-- Opening Marker --

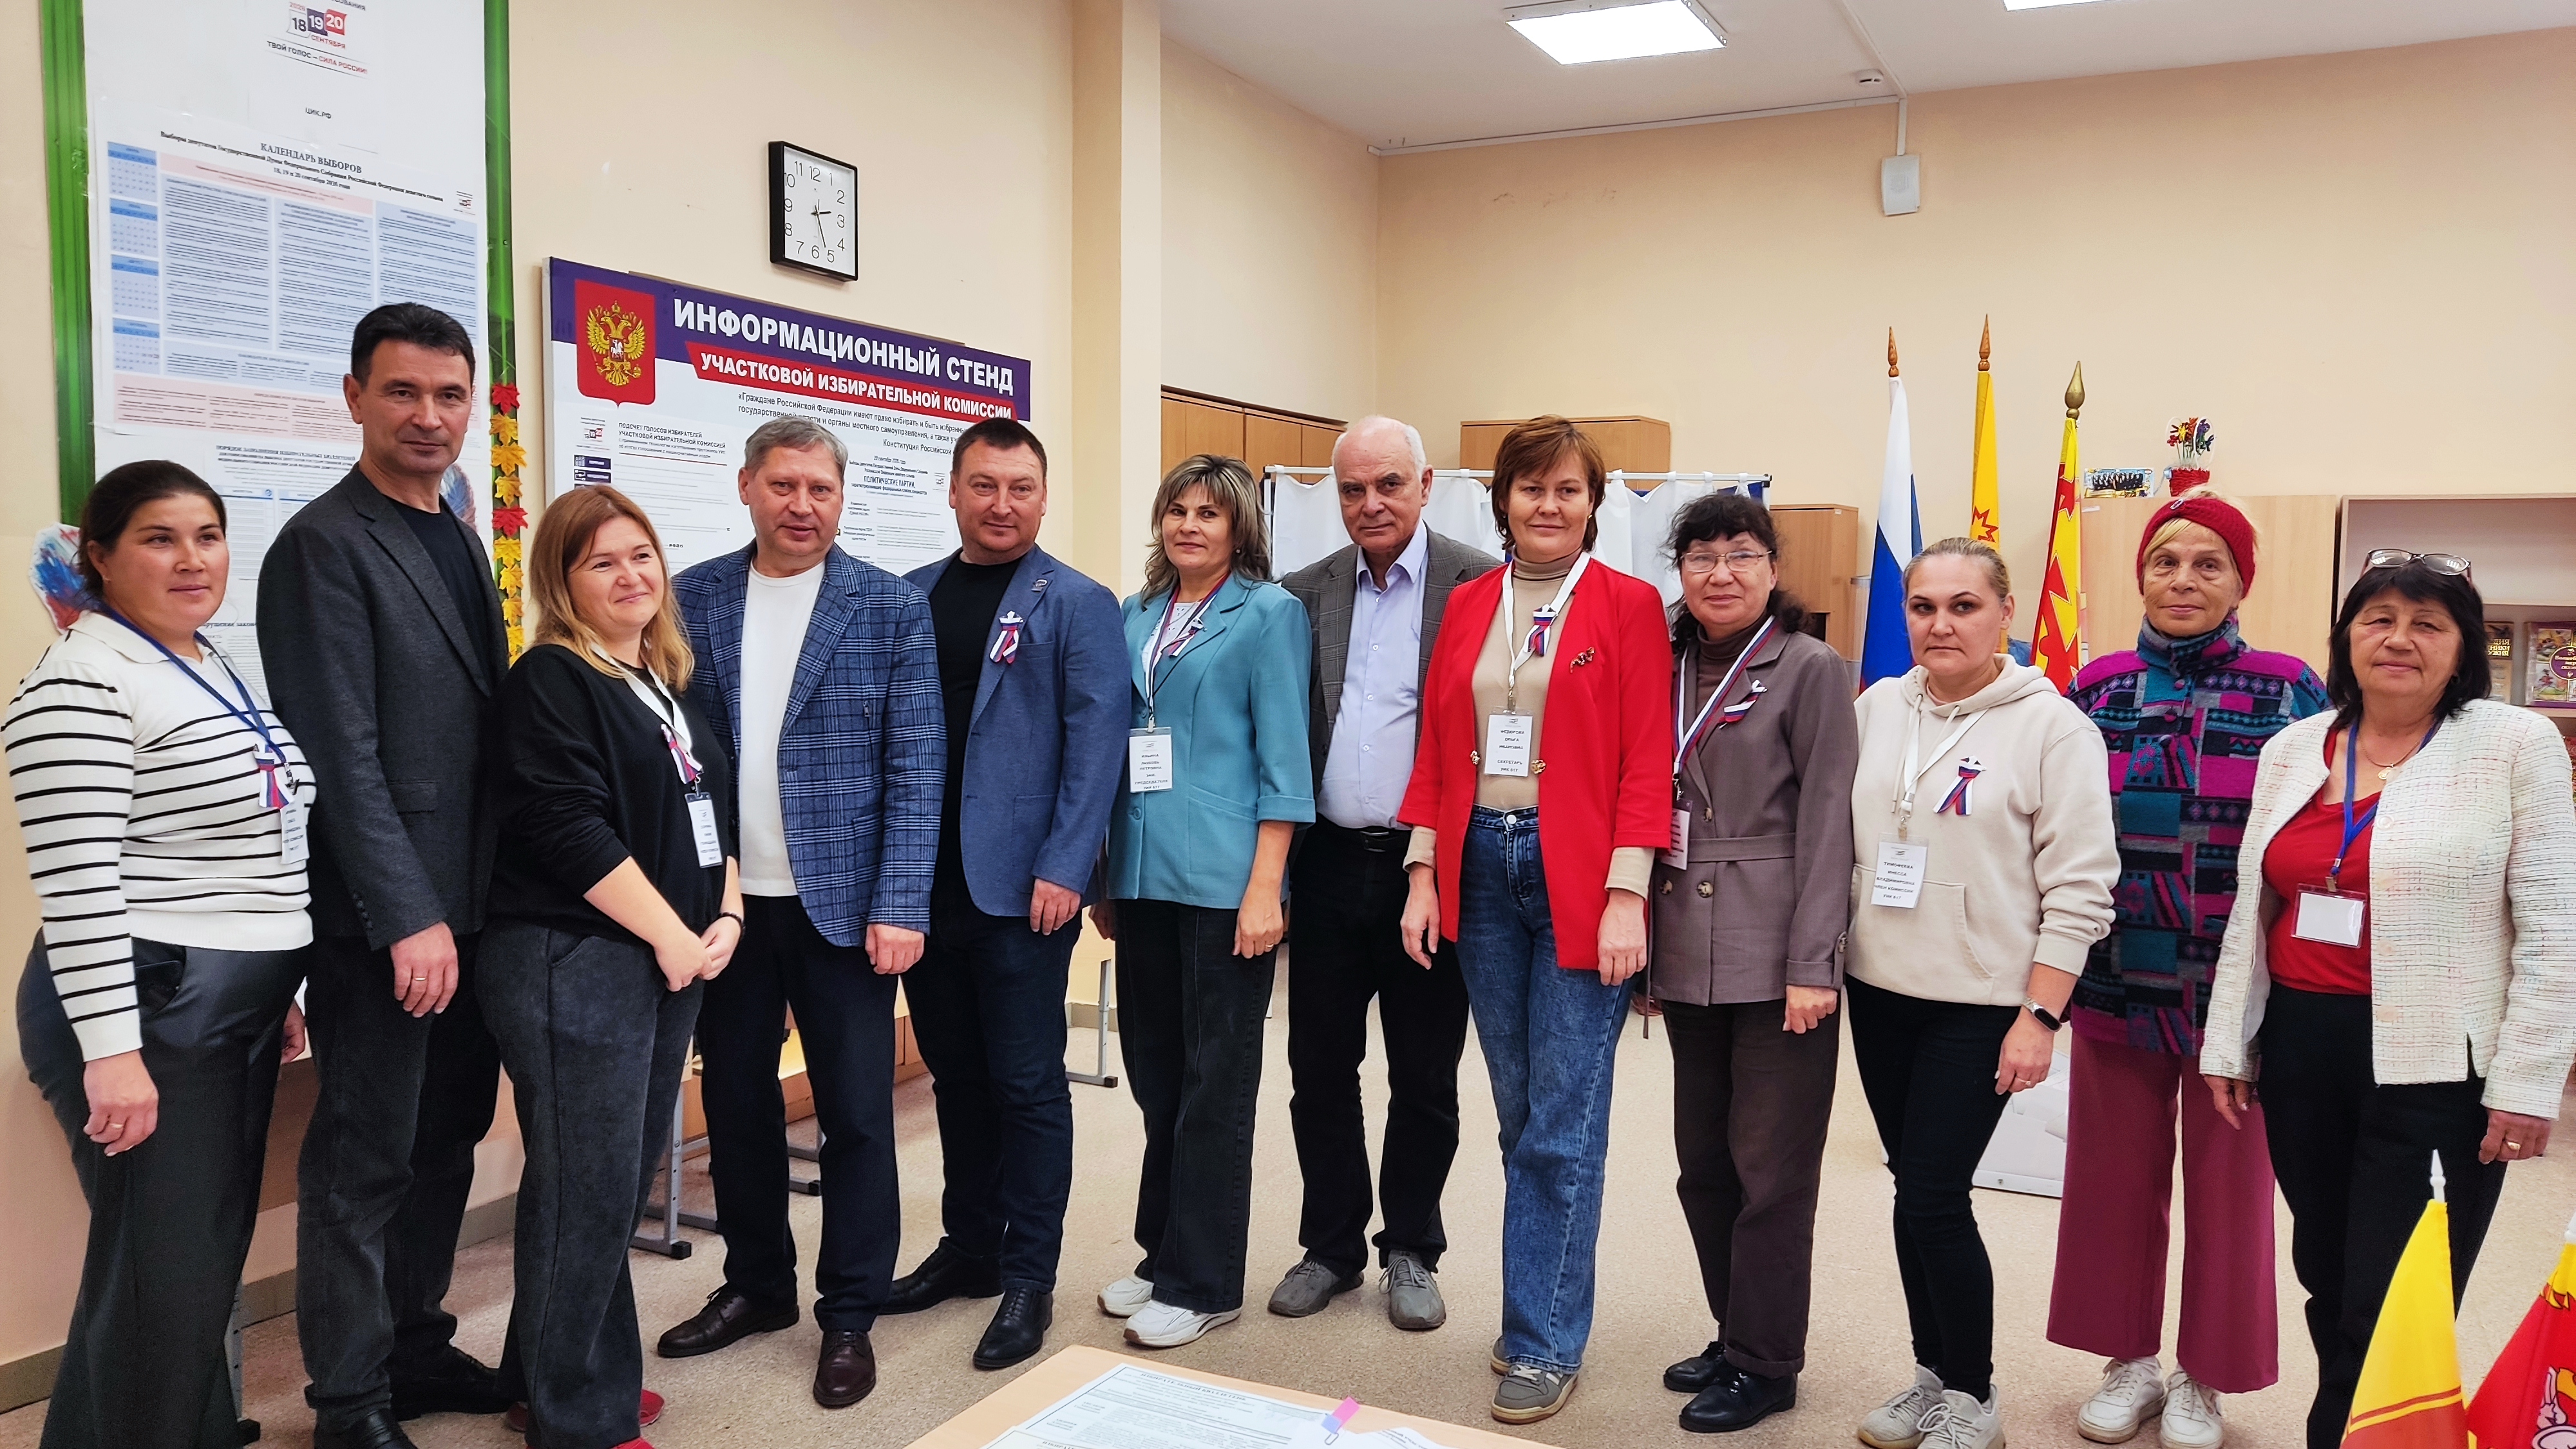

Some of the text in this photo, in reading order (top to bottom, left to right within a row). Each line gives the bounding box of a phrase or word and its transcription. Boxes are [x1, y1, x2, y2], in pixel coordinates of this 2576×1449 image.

[292, 14, 344, 32] 18 19 20
[311, 34, 346, 49] СЕНТЯБРЯ
[267, 41, 287, 52] ТВОЙ
[289, 46, 311, 59] ГОЛОС
[319, 55, 337, 66] СИЛА
[261, 142, 362, 174] КАЛЕНДАРЬ ВЫБОРОВ
[795, 161, 802, 176] 11
[810, 166, 821, 182] 12
[784, 173, 795, 188] 10
[837, 189, 845, 204] 2
[784, 198, 793, 212] 9
[837, 214, 845, 228] 3
[784, 223, 793, 236] 8
[796, 240, 804, 254] 7
[811, 245, 820, 259] 6
[837, 238, 845, 251] 4
[827, 250, 835, 263] 5
[674, 298, 1014, 396] ИНФОРМАЦИОННЫЙ СТЕНД
[701, 352, 1012, 419] УЧАСТКОВОЙ ИЗБИРАТЕЛЬНОЙ КОМИССИИ
[777, 397, 815, 412] Российской
[817, 404, 852, 417] Федерации
[853, 411, 873, 420] имеют
[874, 414, 891, 423] право
[893, 417, 919, 427] избирать
[925, 420, 939, 430] быть
[618, 422, 703, 438] ПОДСЧЕТ ГОЛОСОВ ИЗБИРАТЕЛЕЙ
[828, 419, 850, 428] органы
[852, 422, 879, 431] местного
[881, 426, 929, 440] самоуправления,
[618, 430, 726, 449] УЧАСТКОВОЙ ИЗБИРАТЕЛЬНОЙ КОМИССИЕЙ
[883, 439, 951, 455] Конституция Российской
[864, 475, 898, 486] ПОЛИТИЧЕСКИЕ
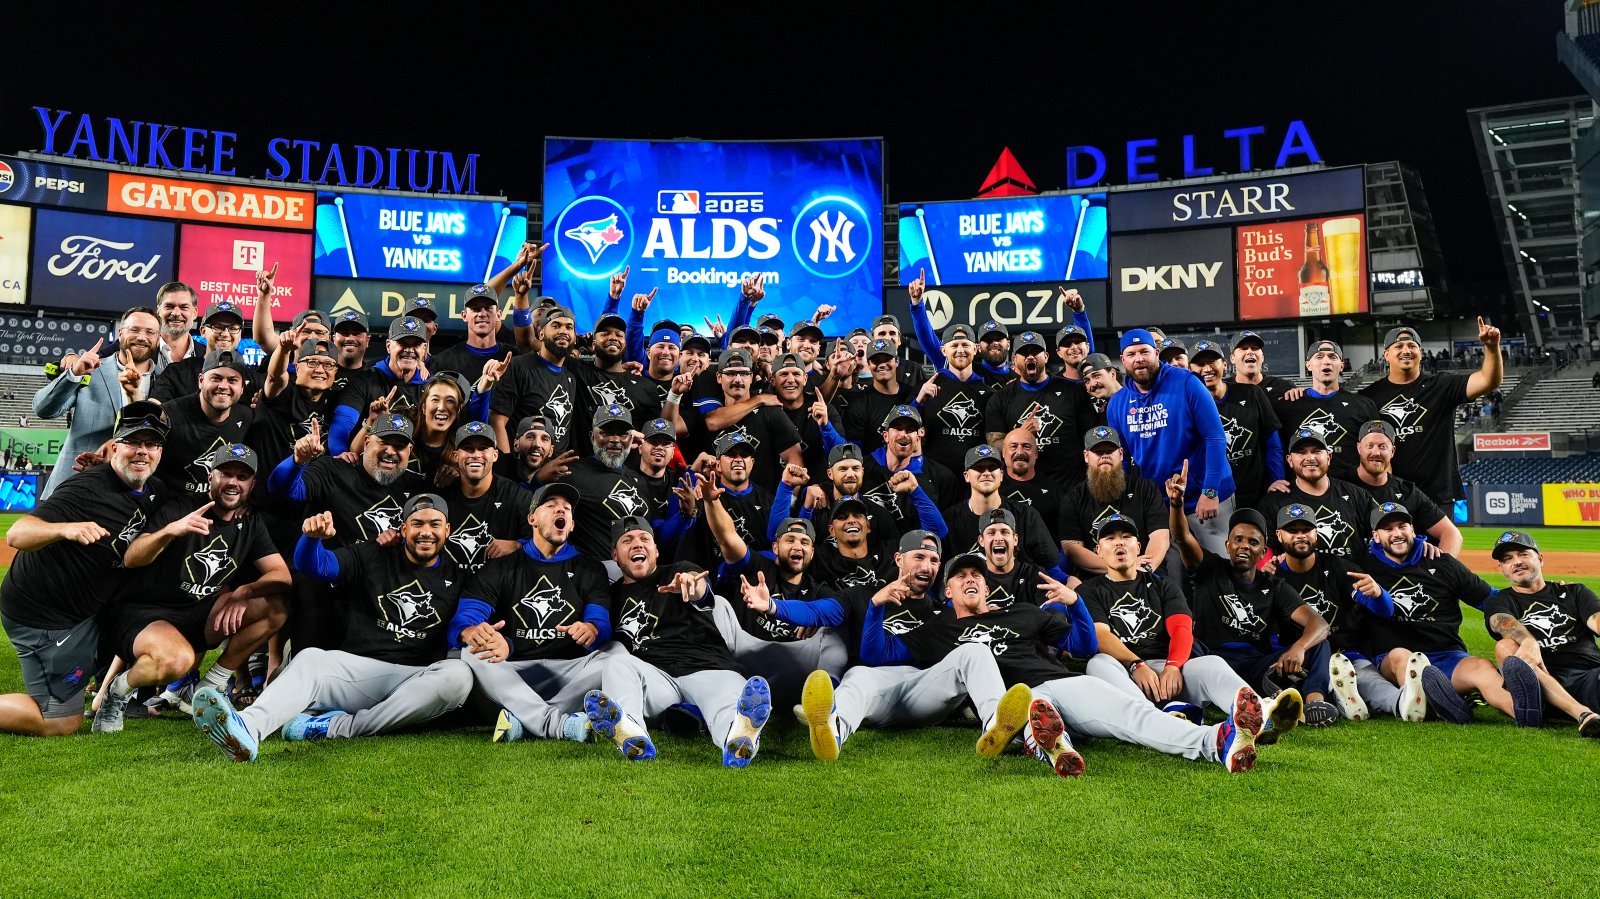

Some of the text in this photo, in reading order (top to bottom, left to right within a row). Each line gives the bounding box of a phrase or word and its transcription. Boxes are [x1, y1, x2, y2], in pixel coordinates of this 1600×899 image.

-- Closing Marker --

> **What needs to be done**
Repeat each of the records exactly as written, except for the pictures, which are to be left out.

> **Response**
Some of the text in this photo, in reading order (top to bottom, left to right within a row). Each line gives the bounding box of a phrase or word and its transcription. Boxes are [x1, y1, x2, y2], in pixel coordinates of this 2576×1449 image.

[292, 14, 344, 32] 18 19 20
[311, 34, 346, 49] СЕНТЯБРЯ
[267, 41, 287, 52] ТВОЙ
[289, 46, 311, 59] ГОЛОС
[319, 55, 337, 66] СИЛА
[261, 142, 362, 174] КАЛЕНДАРЬ ВЫБОРОВ
[795, 161, 802, 176] 11
[810, 166, 821, 182] 12
[784, 173, 795, 188] 10
[837, 189, 845, 204] 2
[784, 198, 793, 212] 9
[837, 214, 845, 228] 3
[784, 223, 793, 236] 8
[796, 240, 804, 254] 7
[811, 245, 820, 259] 6
[837, 238, 845, 251] 4
[827, 250, 835, 263] 5
[674, 298, 1014, 396] ИНФОРМАЦИОННЫЙ СТЕНД
[701, 352, 1012, 419] УЧАСТКОВОЙ ИЗБИРАТЕЛЬНОЙ КОМИССИИ
[777, 397, 815, 412] Российской
[817, 404, 852, 417] Федерации
[853, 411, 873, 420] имеют
[874, 414, 891, 423] право
[893, 417, 919, 427] избирать
[925, 420, 939, 430] быть
[618, 422, 703, 438] ПОДСЧЕТ ГОЛОСОВ ИЗБИРАТЕЛЕЙ
[828, 419, 850, 428] органы
[852, 422, 879, 431] местного
[881, 426, 929, 440] самоуправления,
[618, 430, 726, 449] УЧАСТКОВОЙ ИЗБИРАТЕЛЬНОЙ КОМИССИЕЙ
[883, 439, 951, 455] Конституция Российской
[864, 475, 898, 486] ПОЛИТИЧЕСКИЕ

Some of the text in this photo, in reading order (top to bottom, left to right within a row). Each line gives the bounding box of a phrase or word and its transcription. Boxes are [x1, y1, x2, y2], in pixel coordinates of this 1600×899 image.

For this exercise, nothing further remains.